Initialise data class, template etc

get_subject()
Overwrite basic subject function
Returns subject appended with date period from 3years ago to now
get_site()
Returns either the name of the site to be used in the template
If the report iterates over all sites, then use a all inclusive name set in config, e.g. Network
_get_social_data()
Gets social network data table for every month over the last 3 years
_get_top_networks()
Get social network data table over the last year and find top social networks
Other than Facebook, Twitter and reddit
generate_html()
Using the top social networks, find the data for each of these networks for each month over the last 3 years
using the data found in _get_social_data()
Render data to html template
class AnalyticsSocialExport(Report)

Initialise template, data class etc

generate_html()
Get social network table for each month over the last year
Render data to a csv file
send_email()
overwrites basic email function
sends email with a csv attachment

Templates

Templates use the Jinja 2 templating language.

The layout is set up so that each table function in the aggregating data classes corresponds to a template file, within the relevant folder.

For instance, within the templates folder there is GA folder in which each google analytics data table has a separate template file.

The file Templates/GA/base.html extends the main base, and it includes each table only if that table value exists. This is the file that the Google Analytics reports use as a template.

The youtube reports use the Templates/Youtube/base.html file as a template, and has similar structure where it includes the table template files, only if the table exists in that report.

All template files should inherit from Templates/base.html. In this file the styles are set, as is the subject and some confidentiality lines.

In Statsdash/render.py you can define filter functions to be used in the templates that aren’t already defined in Jinja.

Already defined filter functions:

int_comma(value)
Adds commas to long numbers to make them more readable
e.g. when value = 1000, returns the string 1,000
cut(word, part=”www.”)
Removes the substring defined by part from the string word
Substring to remove defaults as “www.” for site names, but can be any string
Returns the stripped word

Use

{{ value|int_comma }}
{{ site_name|cut("www.") }}

Add a new report

To set up a new report, you’ll need to create a new class that inherits from “Report”.

Basic example that returns just a google analytics summary table:

class MyReport(Report):

    def __init__(self, sites, period, recipients, frequency, subject):
        super(MyReport, self).__init__(sites, period, recipients, frequency, subject)
        self.sites = sites
        self.period = period
        self.recipients = recipients
        self.frequency = frequency
        self.subject = subject
        self.warning_sites = []
        self.template = self.env.get_template("template.html")
        self.date = AnalyticsData(self.sites, self.period, self.frequency)

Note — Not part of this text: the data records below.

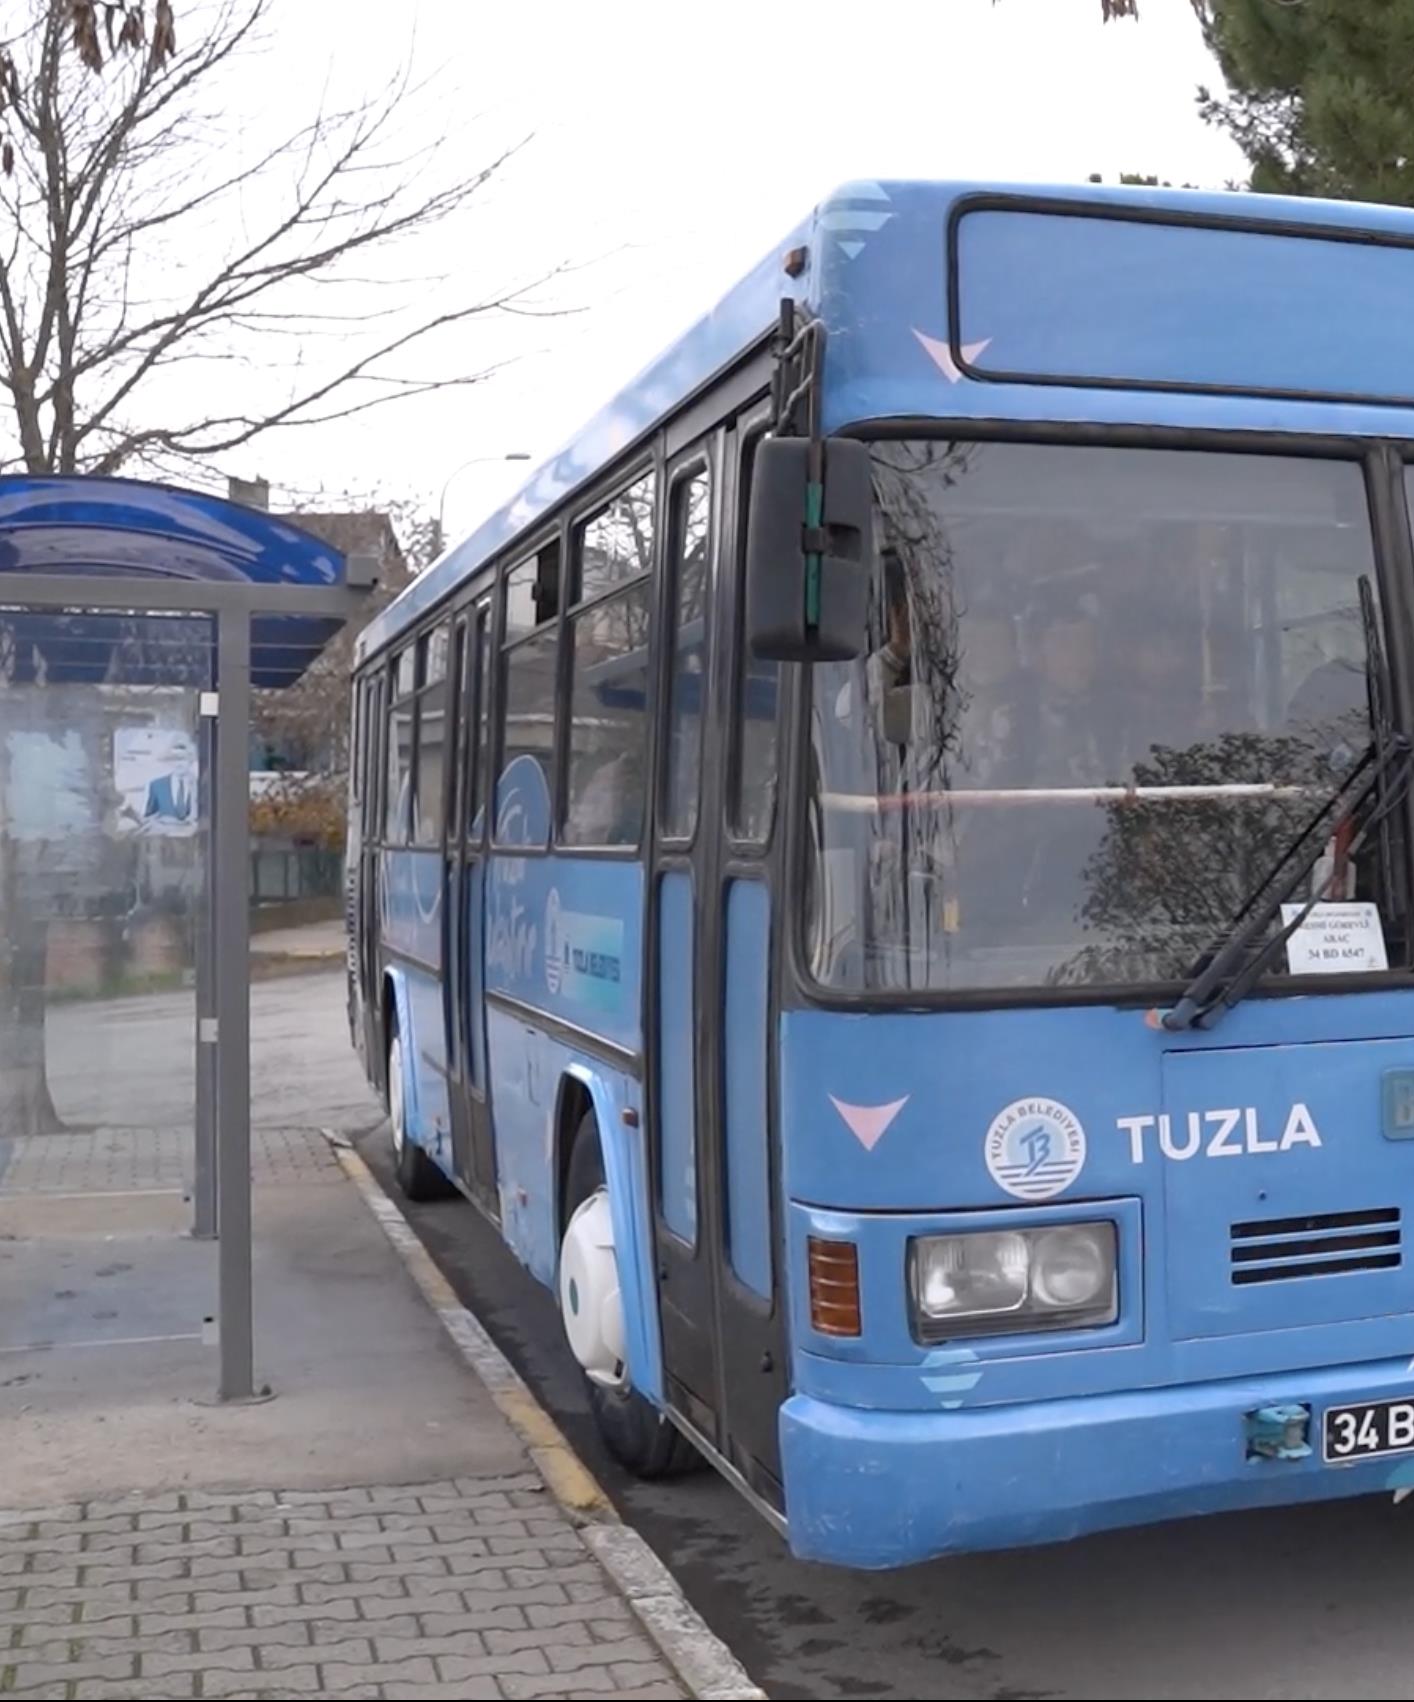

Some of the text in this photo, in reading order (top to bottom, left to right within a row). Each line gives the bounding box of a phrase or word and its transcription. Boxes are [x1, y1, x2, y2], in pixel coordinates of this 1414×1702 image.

[991, 1114, 1017, 1160] TUZLA
[1116, 1103, 1323, 1164] TUZLA
[1333, 1410, 1379, 1454] 34
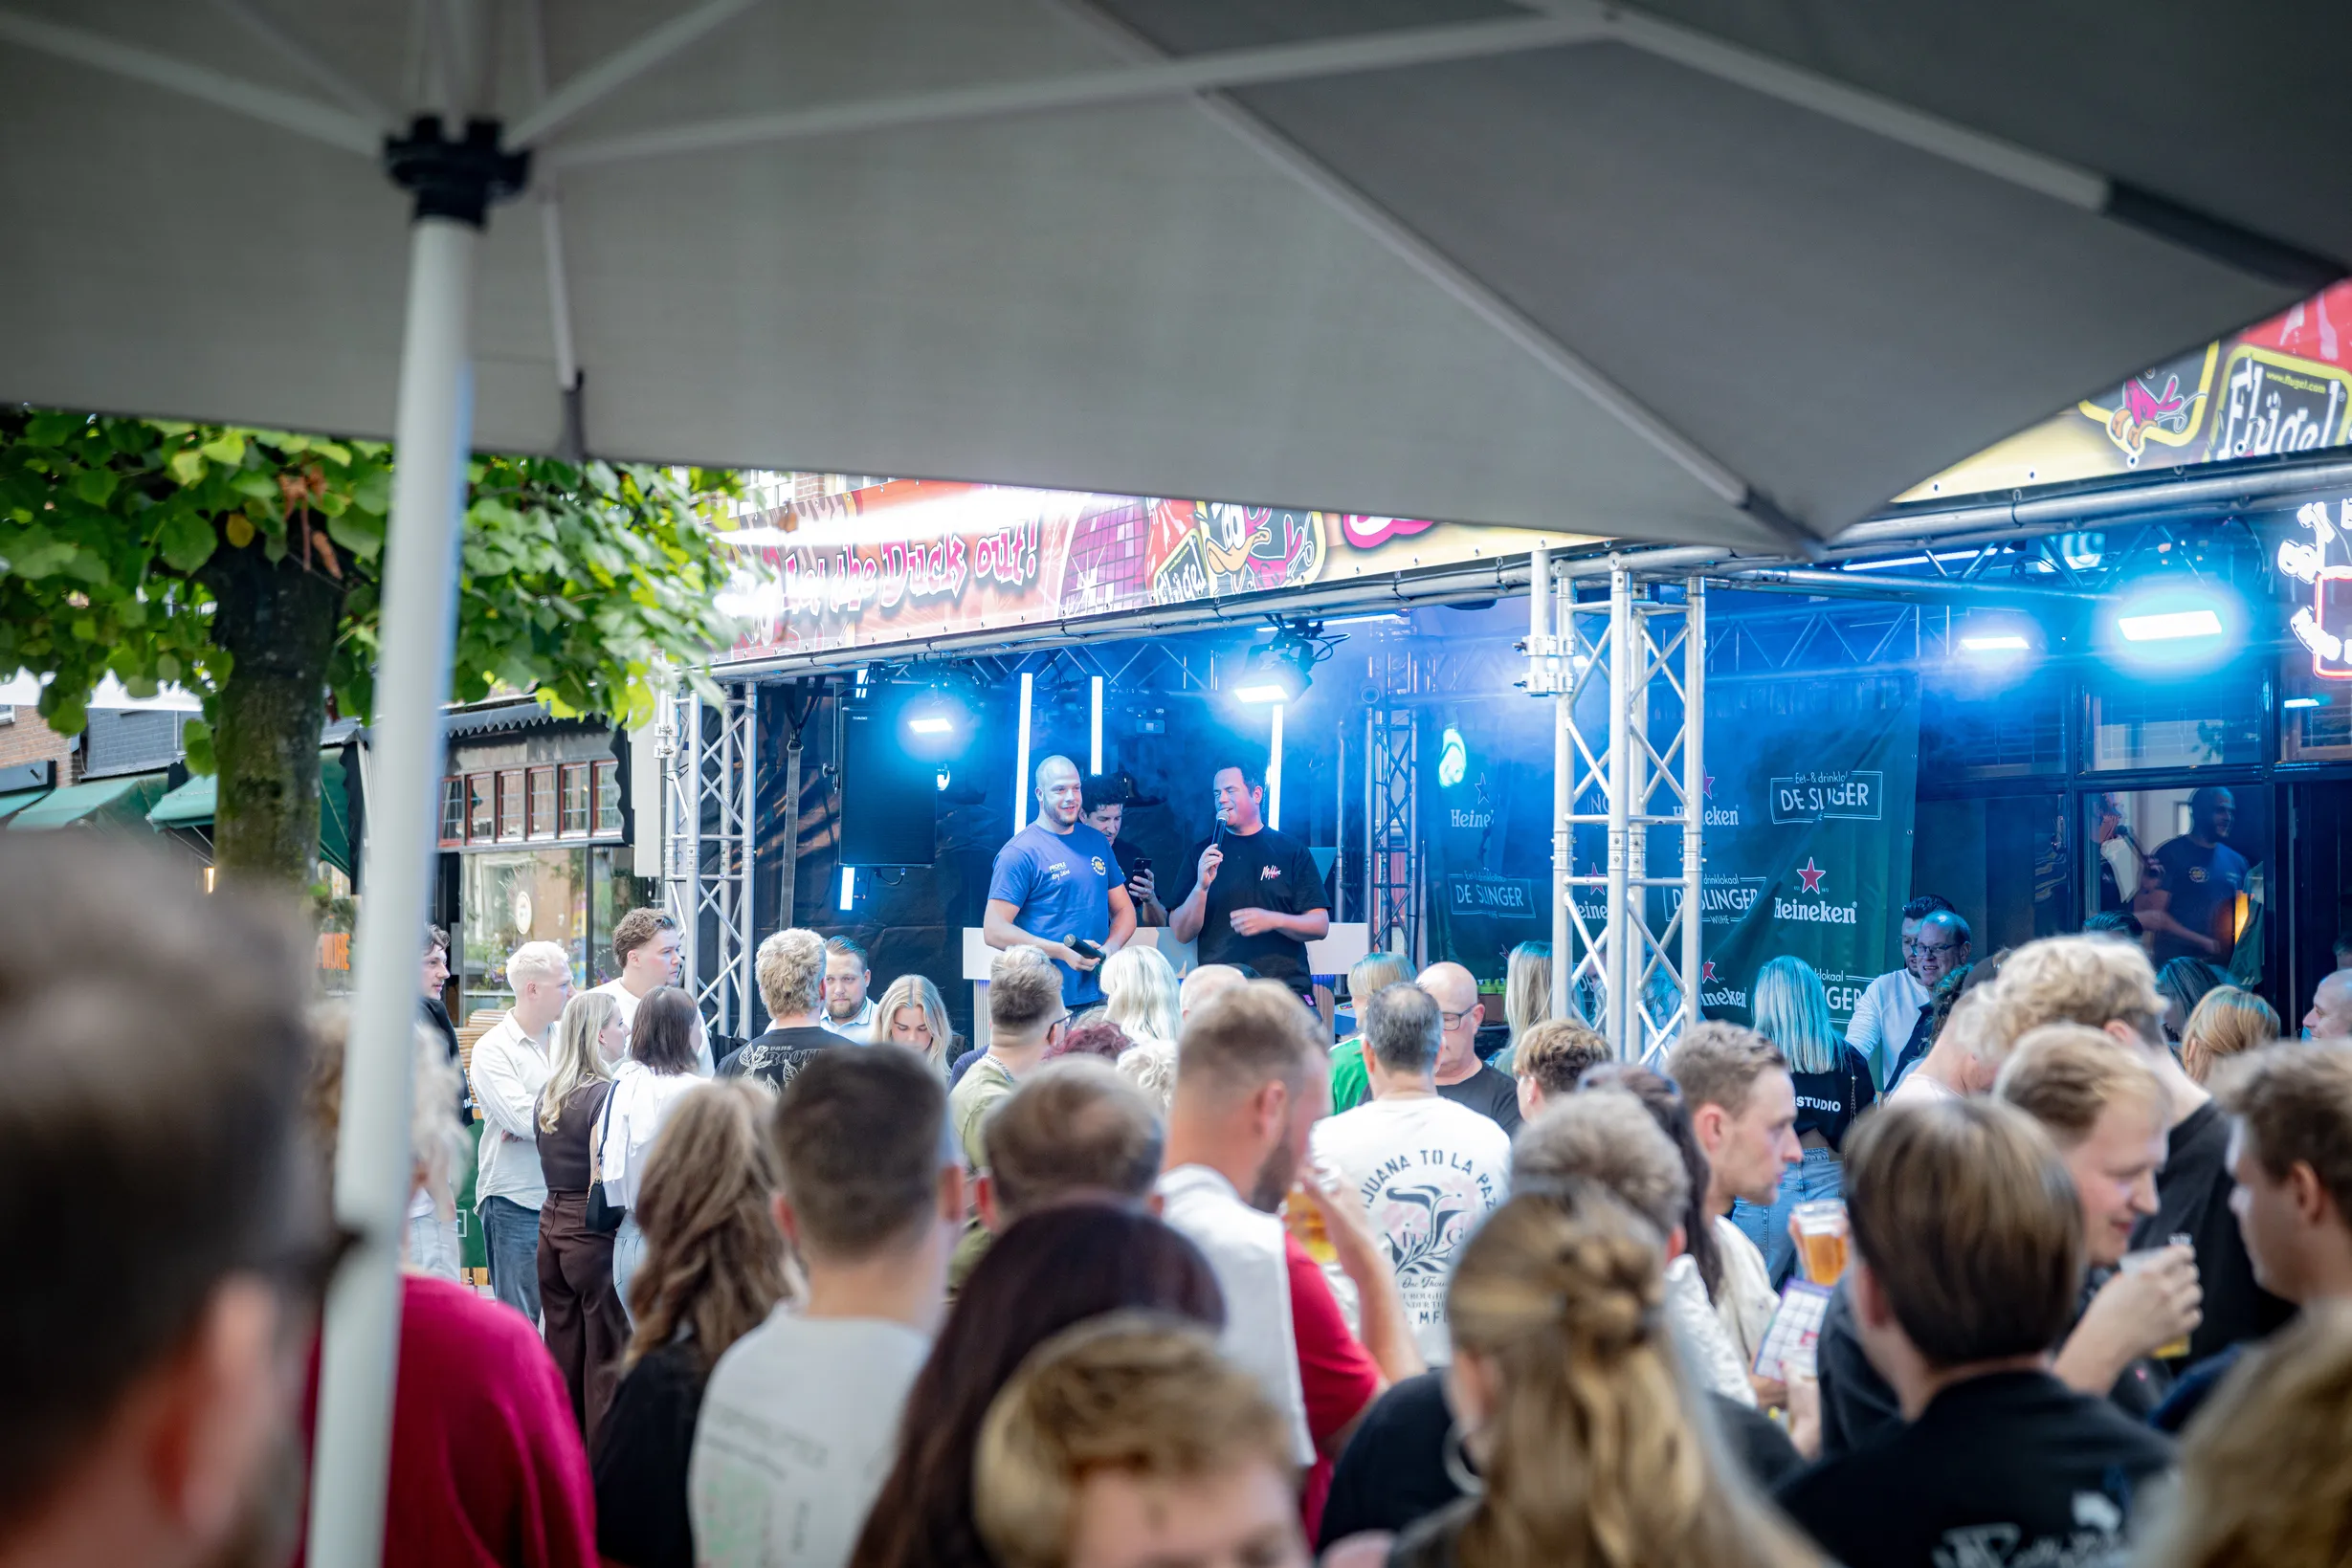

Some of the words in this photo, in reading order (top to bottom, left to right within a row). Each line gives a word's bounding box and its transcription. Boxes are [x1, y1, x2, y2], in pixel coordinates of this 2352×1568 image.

[830, 542, 878, 613] the
[880, 532, 968, 607] Duck
[975, 519, 1039, 586] out!
[1781, 789, 1805, 811] DE
[1455, 884, 1473, 903] DE
[1774, 897, 1856, 924] Heineken
[1420, 1150, 1443, 1164] TO
[1451, 1153, 1473, 1175] LA
[1476, 1173, 1497, 1210] PAZ
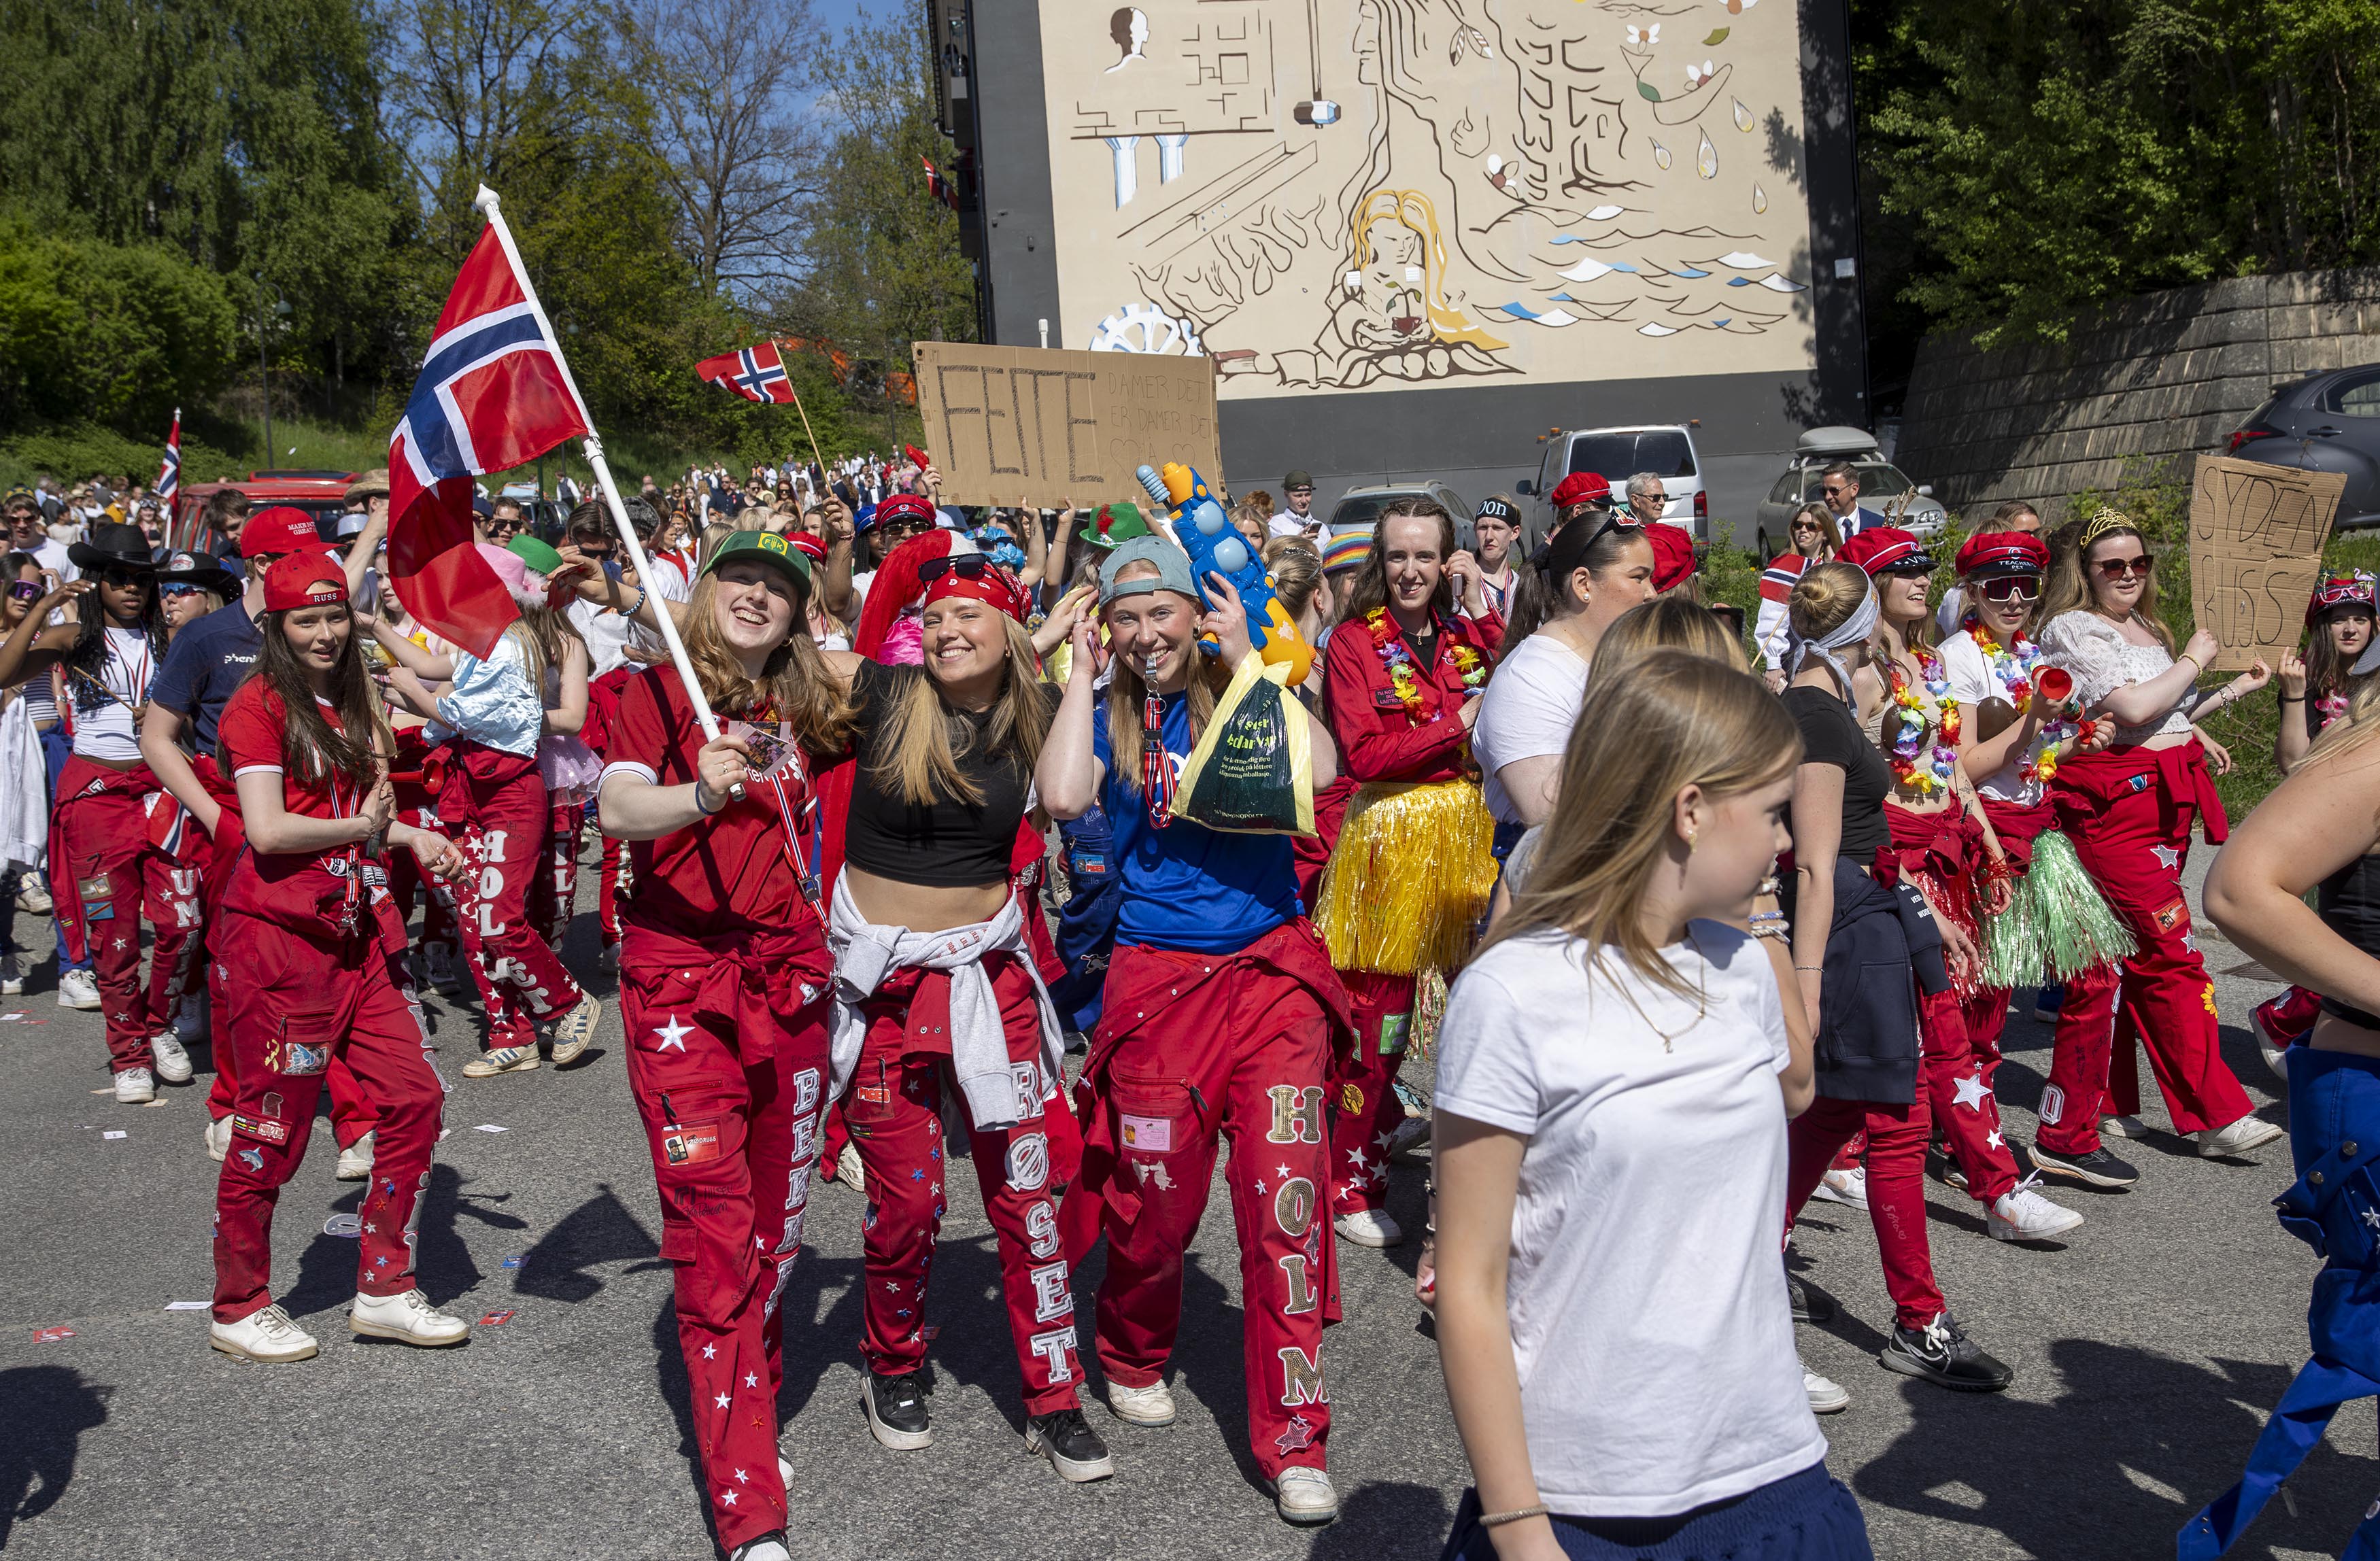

    def generate_html(self):
        summary = self.data.summary_talbe()
        html = self.template.render(
            subject = self.get_subject(),
            change = self.get_freq_label(),
            report_span = self.frequency,
            warning_sites = self.warning_sites,
            summary_table = summary
        )
        return html

Run a report

Preview

You can preview an individual report using the preview_report.py file.

To preview a report you can run the file from the command line with these paramaters:

argument Optional Default Definition
reporttype Required No default The name of the report class, e.g. AnalyticsCoreReport
–sitename Optional All sites Name of the site, as it is in the config
–destination Optional ”.” Path to where to save the report out
–filename Optional report_preview Name of the file to save

Example configuration might be:

python preview_report.py AnalyticsCoreReport -s site.net -d file/to/path -n my_report_test

The frequency and periods are manually set up within the file. To alter these you’ll have to alter the file.There are preset monthly, weekly and daily StatsRange objects setup but you may need to just change the date or frequency of the report.

Schedule

Set up a report in report_schedule.py and run the scheduler.

For more info see Report Schedule Settings and Using the Scheduler.